O historiador afirmou esperar que a Alemanha tenha a "firmeza moral necessária para continuar lutando por tolerância e inclusão, humanidade e liberdade, em suma, por uma verdadeira democracia".
O historiador de 86 anos, que cresceu em Praga na década de 1930, relembrou a fuga da sua família para a França e como ele foi escondido em um colégio interno católico. Friedländer fugiu da escola e foi de encontro a seus pais, que tentavam se esconder em um hospital.
"Eles tiveram que me enviar de volta [ao internato]", disse. "O que eles devem ter sentido ao ver como seu pequeno garoto, que se defendia com unhas e dentes porque queria ficar com eles, era retirado do quarto deles? Foi nosso último encontro."

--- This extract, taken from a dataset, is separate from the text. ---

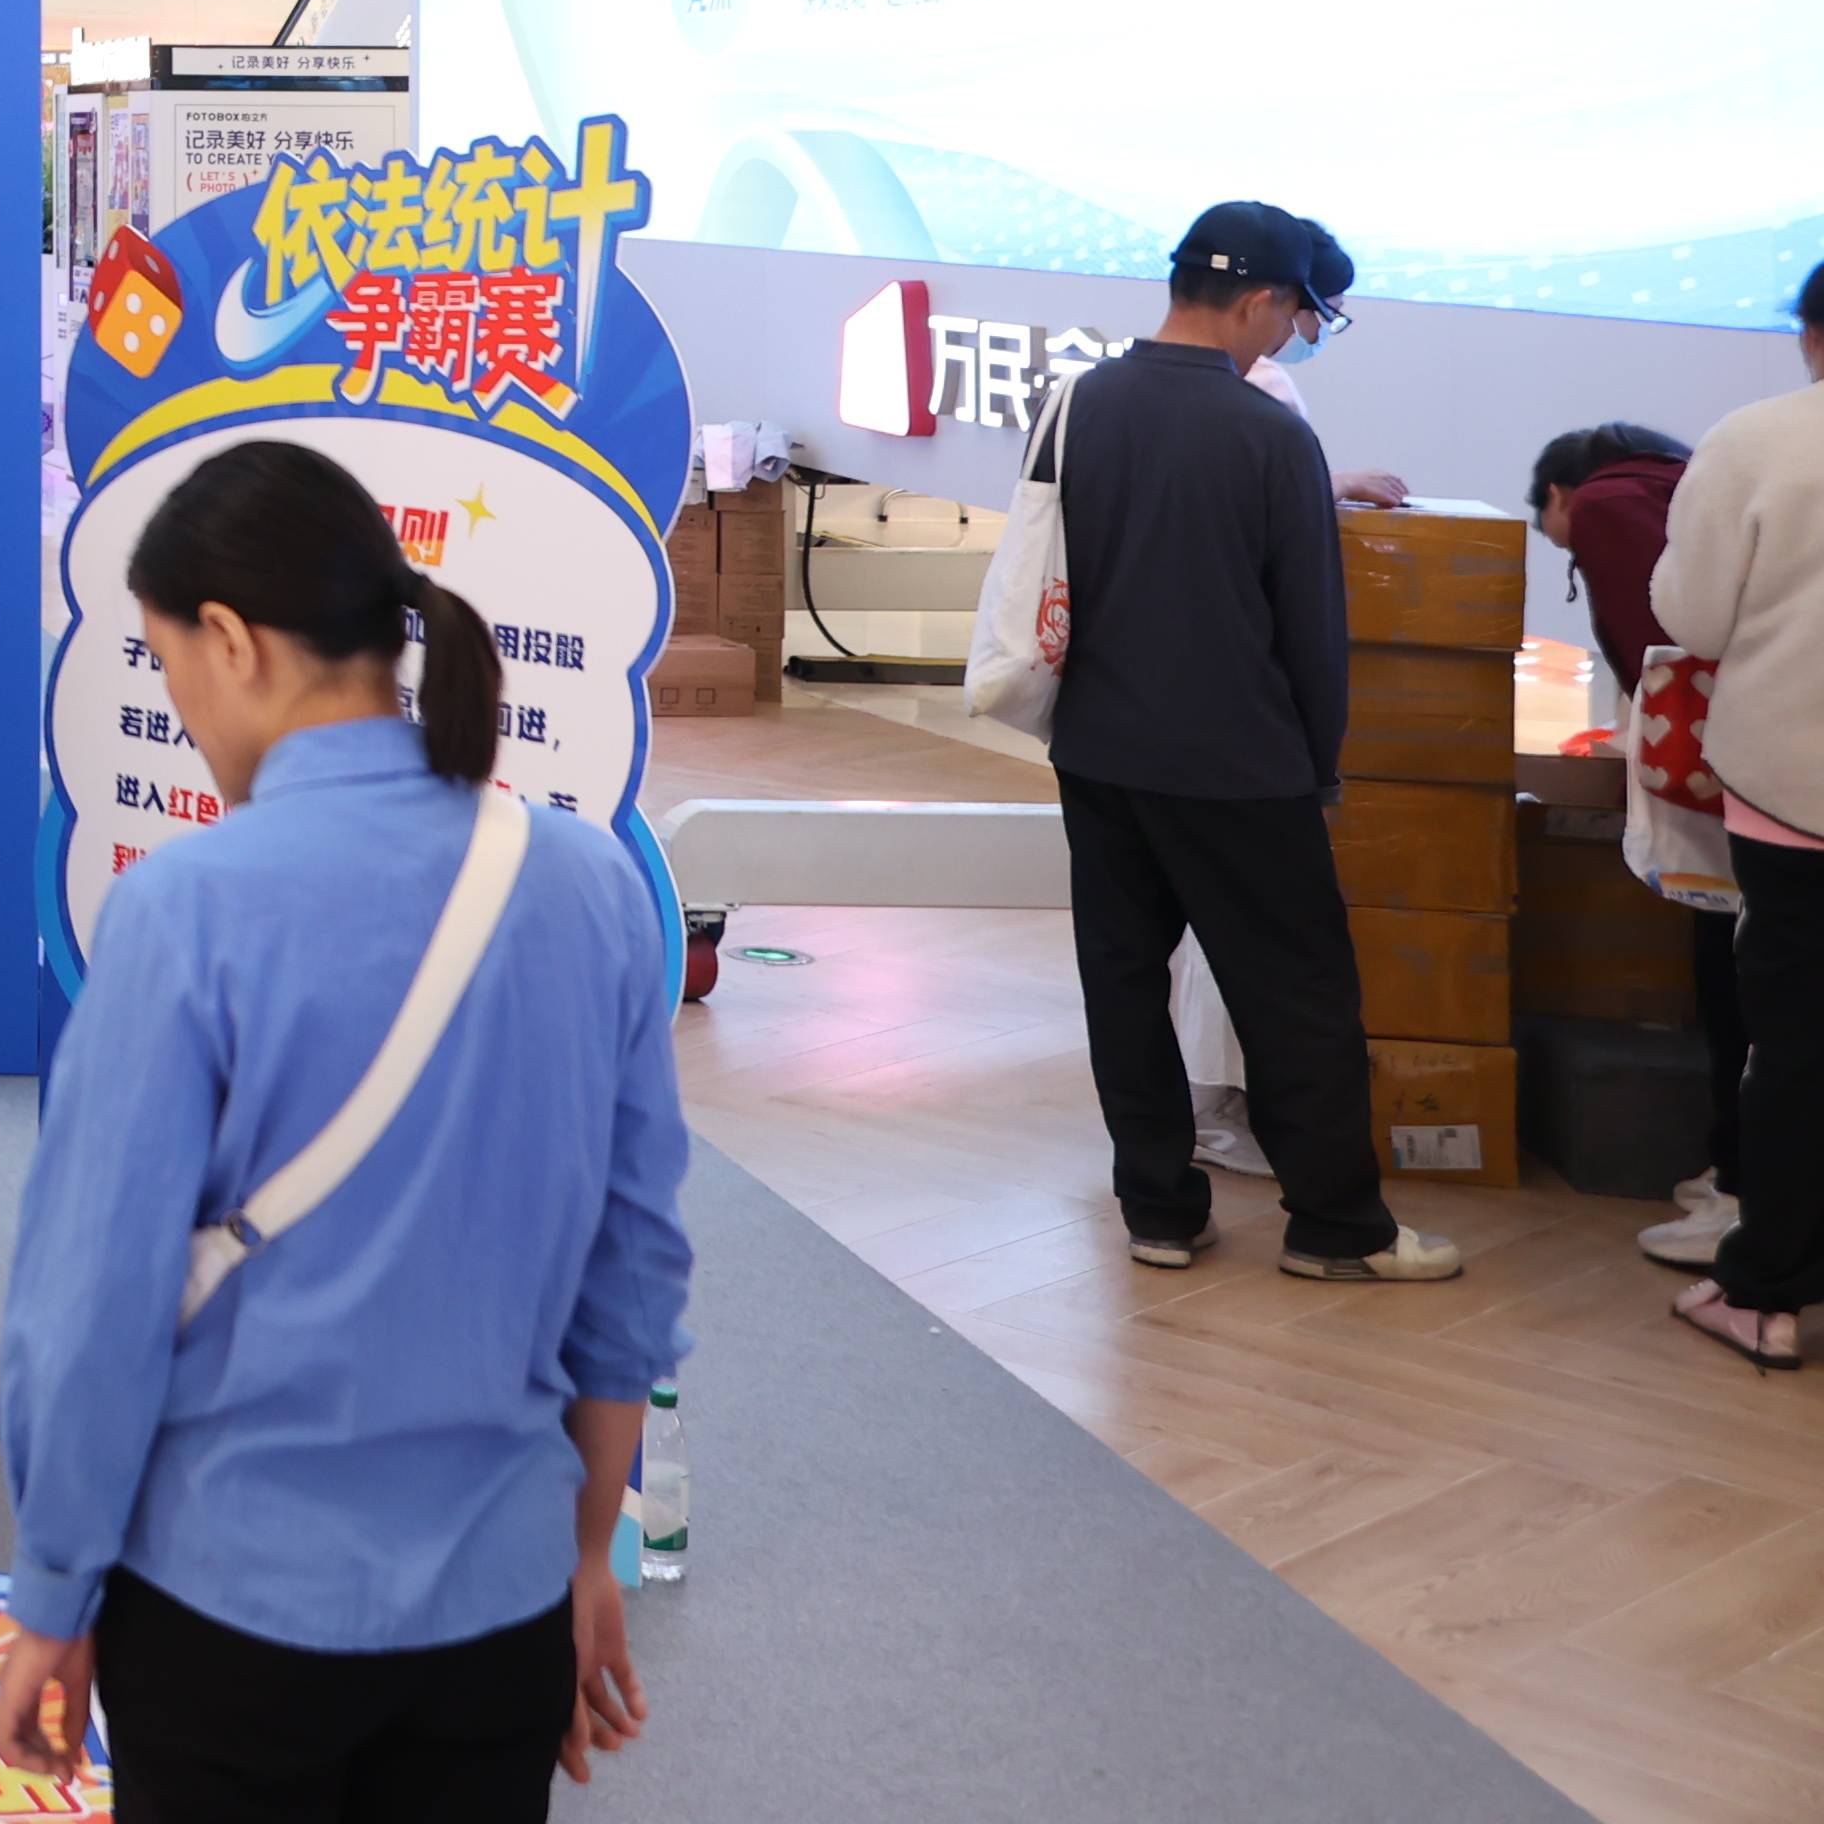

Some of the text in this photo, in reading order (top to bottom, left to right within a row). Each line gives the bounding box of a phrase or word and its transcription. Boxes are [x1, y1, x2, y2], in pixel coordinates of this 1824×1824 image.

Os pais de Friedländer, que na época tinha nove anos, cruzaram a fronteira com a Suíça em setembro de 1942 com grupo de 15 judeus, mas foram descobertos pela polícia e presos. Em novembro daquele ano, foram deportados para Auschwitz.
"Pergunto-me se os meus pais estavam juntos durante os três dias dessa viagem infernal. Caso sim, o que terão dito um ao outro? E o que devem ter pensado? Saberiam o que os aguardava?", questionou.
Logo na chegada, 639 deportados foram levados para a câmara de gás. Friedländer acredita que seu pai tenha estado entre eles, já que andava fraco e doente. Sua mãe provavelmente ficou viva por volta de três meses trabalhando como escrava. Apenas quatro dos cerca de mil judeus transportados com os pais de Friedländer sobreviveram ao Holocausto.
Aos dez anos, Friedländer foi convertido ao catolicismo e recebeu o nome de Paul-Henri-Marie Ferland. Ele afirmou que, depois da resistência inicial e de um longo período doente, acabou se adaptando e se tornou uma criança piedosa e obediente.
O historiador se mudou para Israel cinco semanas após a fundação do país, em junho de 1948. "Para judeus como eu – e para judeus em toda parte, que precisavam e ansiavam por seu próprio país, a criação [de Israel] era uma necessidade vital", disse.
O historiador foi aplaudido de pé ao final de seu discurso. Autor do livro de dois volumes A Alemanha Nazista e os Judeus, Friedländer acabou se tornando um dos historiadores especializados no Holocausto mais famosos do mundo. O escritor recebeu o Prêmio Pulitzer, o Prêmio Israel e o Prêmio da Feira Literária de Leipzig, entre outros.
A sessão especial do Parlamento alemão desta quinta-feira também incluiu um pronunciamento de abertura do presidente do Bundestag, Wolfgang Schäuble. Ele afirmou que o respeito pela dignidade de cada pessoa foi uma das principais lições aprendidas depois das perseguições realizadas pelo regime nazista.
Schäuble acrescentou ainda considerar "vergonhoso" que judeus vivendo na Alemanha na atualidade reportem ocorrências de antissemitismo e que cada vez mais deles desejem deixar o país.
A plateia no Bundestag incluiu membros do partido populista de direita Alternativa para a Alemanha (AfD), assim como o embaixador dos Estados Unidos, Richard Grenell.